El hombre recordó el día en que los invasores
llegaron y como empezaron a destruir todo lo que conocía. Recordó el famoso dicho que asegura que una
guerra avisada no mata gente y no pudo evitar reír al pensar en que esta
guerra, si es que podía llamarse así, era la excepción a la regla. Su risa se
hizo más fuerte al percatarse de que no era una guerra en lo absoluto, porque
en ellas cada ejército ataca al otro y ellos no lo hacían, no podían hacerlo;
estaban viviendo un exterminio y la única opción que habían encontrado viable
fue la de huir en todas direcciones aún sabiendo que sólo posponían lo
inevitable.
Su
inoportuna carcajada se cortó y dejó de correr cuando se produjo una fuerte
explosión detrás de él; y aunque en el fondo no quería hacerlo, no pudo evitar
voltearse y observar una gigantesca columna de fuego que se alzaba a un par de
kilómetros de donde se encontraba. Permaneció
largo rato viendo como el fuego se desvanecía y daba paso a una nueva columna,
esta vez de humo negro, tan alta que parecía perderse en la atmósfera; escuchó
atento una serie de pequeñas explosiones y gran cantidad de disparos; vio como
varios hombres y mujeres surgían de entre las ruinas de las casas que le
rodeaban y huían sin destino fijo. Una
mujer se detuvo un par de segundos delante de él y le gritó que huyera, el
hombre no le dijo nada y vio como se alejaba, vio como rápidamente se alejaban
todos aquellos que aún creían que era posible sobrevivir; los vio perderse en
la distancia, abriéndose paso a través del polvo que ahora flotaba en el
ambiente y de los escombros que constituían el nuevo paisaje, y fue entonces
cuando decidió dejar de huir, dejar de sentir miedo, de creer que existía
alguna esperanza, decidió que había sido suficiente de este absurdo intento de
vivir.
Cerró
la puerta y apoyó su espalda contra ella. Levantó su mirada, sin dirigirla
hacia ningún punto en particular, trató de ordenar sus ideas y de encontrar las
palabras exactas para explicarle la decisión que había tomado.
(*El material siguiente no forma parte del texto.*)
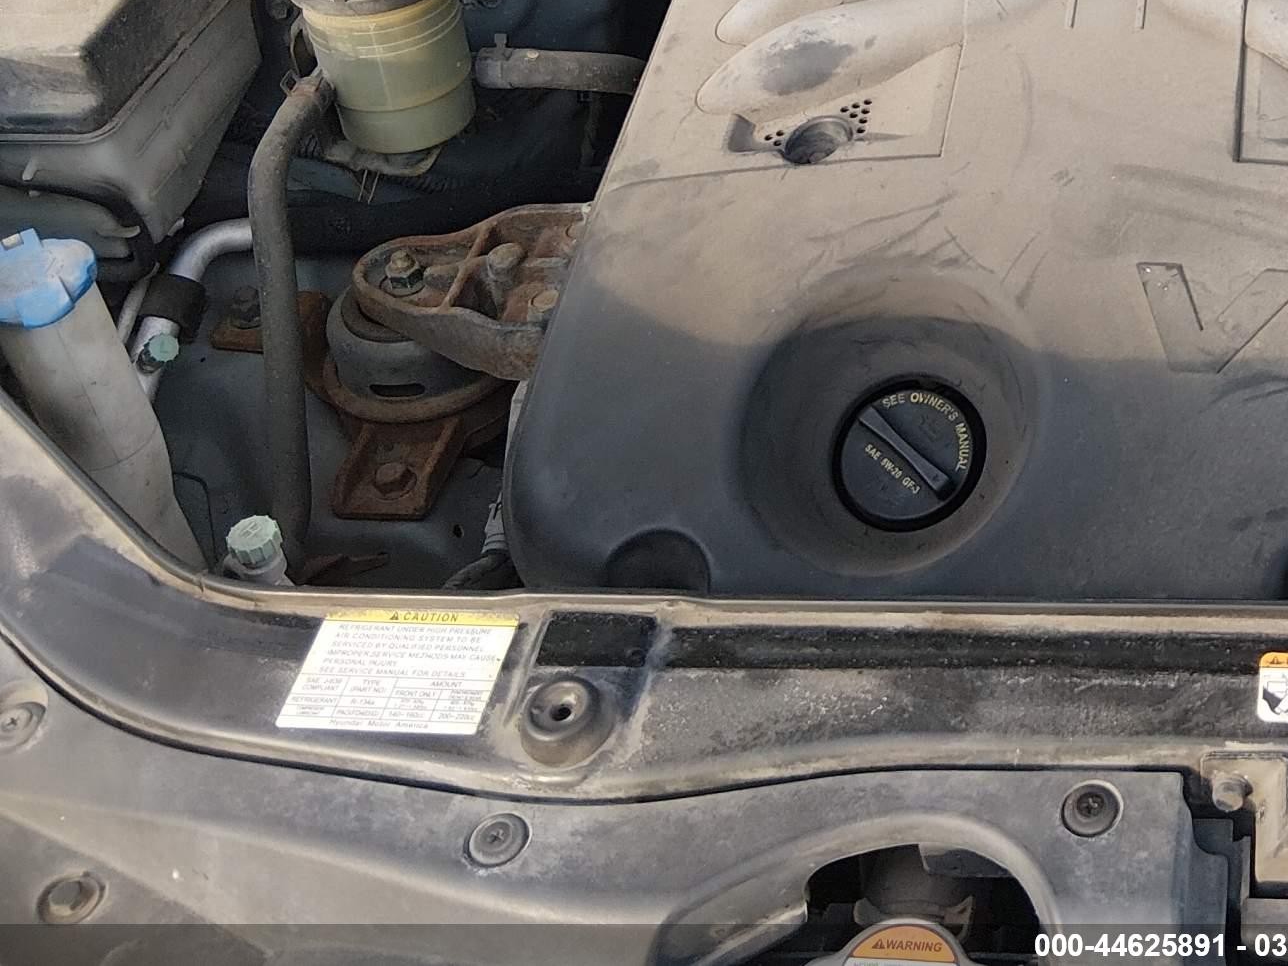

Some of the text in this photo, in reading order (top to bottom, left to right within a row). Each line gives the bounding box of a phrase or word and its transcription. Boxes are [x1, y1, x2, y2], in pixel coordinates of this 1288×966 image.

[882, 392, 972, 472] SEE OWNER'S MANUAL
[864, 444, 881, 462] SAE
[402, 612, 458, 623] CAUTION
[338, 624, 394, 632] REFRIGERANT
[352, 633, 415, 641] CONDITIONING
[886, 939, 943, 953] WARNING
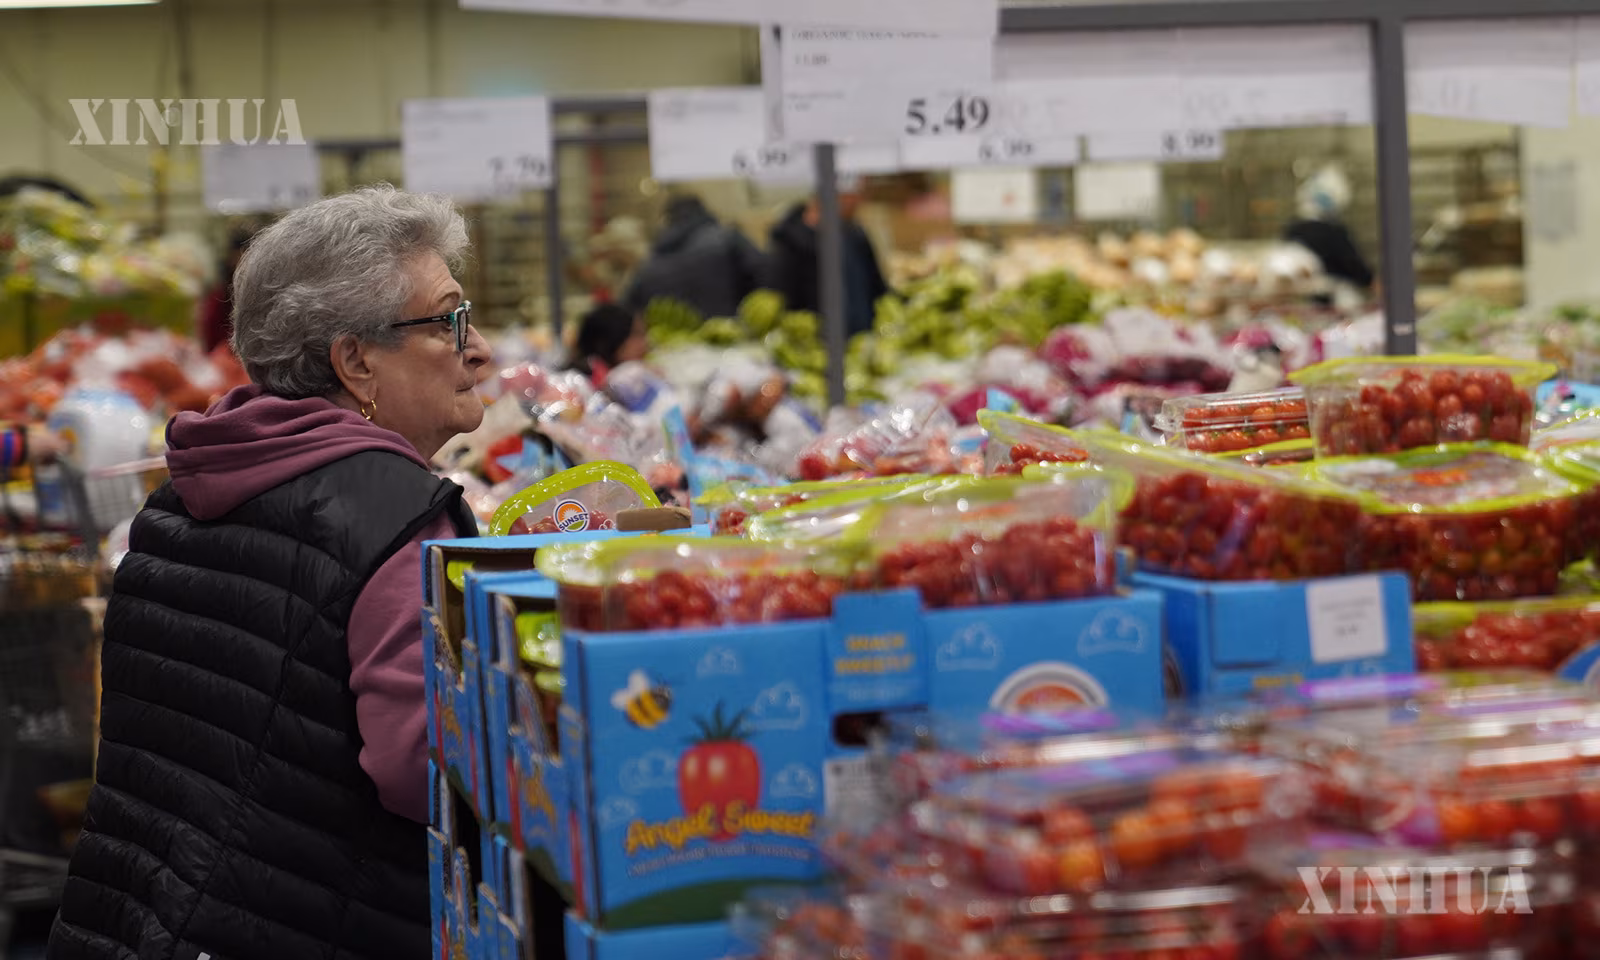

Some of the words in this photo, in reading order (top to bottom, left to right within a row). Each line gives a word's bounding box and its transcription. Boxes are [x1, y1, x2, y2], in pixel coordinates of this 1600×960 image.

[904, 97, 991, 136] 5.49
[558, 512, 589, 531] SUNSET
[625, 803, 716, 857] Angel
[722, 799, 815, 838] Sweet
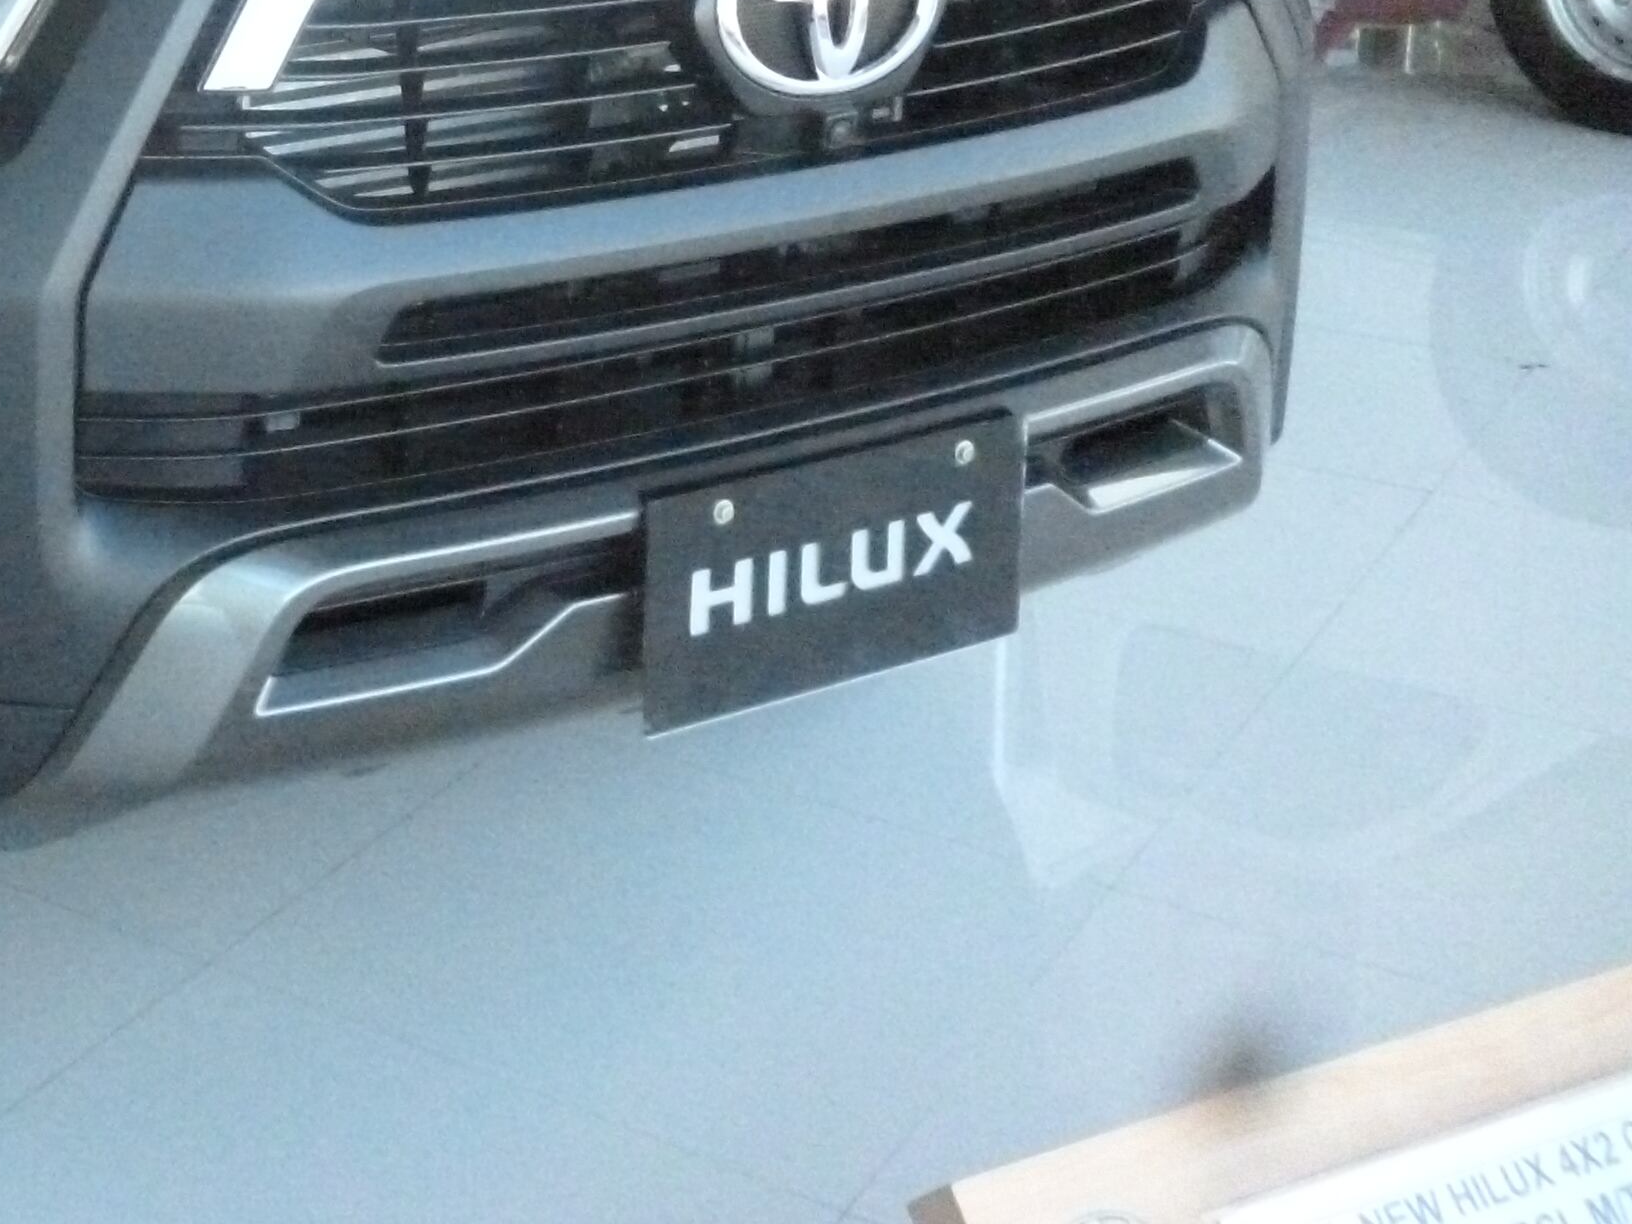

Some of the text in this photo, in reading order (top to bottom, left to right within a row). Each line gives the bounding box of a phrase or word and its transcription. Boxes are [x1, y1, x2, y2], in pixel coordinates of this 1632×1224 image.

[689, 500, 973, 637] HILUX
[1446, 1152, 1557, 1217] HILUX
[1559, 1131, 1621, 1176] 4X2
Temía, y era un gran temor en realidad, que
ella no aceptara y que quisiera seguir aferrándose a esta ridícula vida.
–¿Encontraste
suministros? –El hombre se sobresaltó al escuchar su
voz y la miró fijamente. Ella estaba de
pie junto a los escombros de lo que había sido la escalera que llevaba al
segundo piso, tenía sus brazos cruzados delante de su pecho y también le miraba
fijamente–. ¿Algo?
–Nada –contestó–. Esta zona quedó totalmente
destruida por los primeros bombardeos. No ha quedado nada.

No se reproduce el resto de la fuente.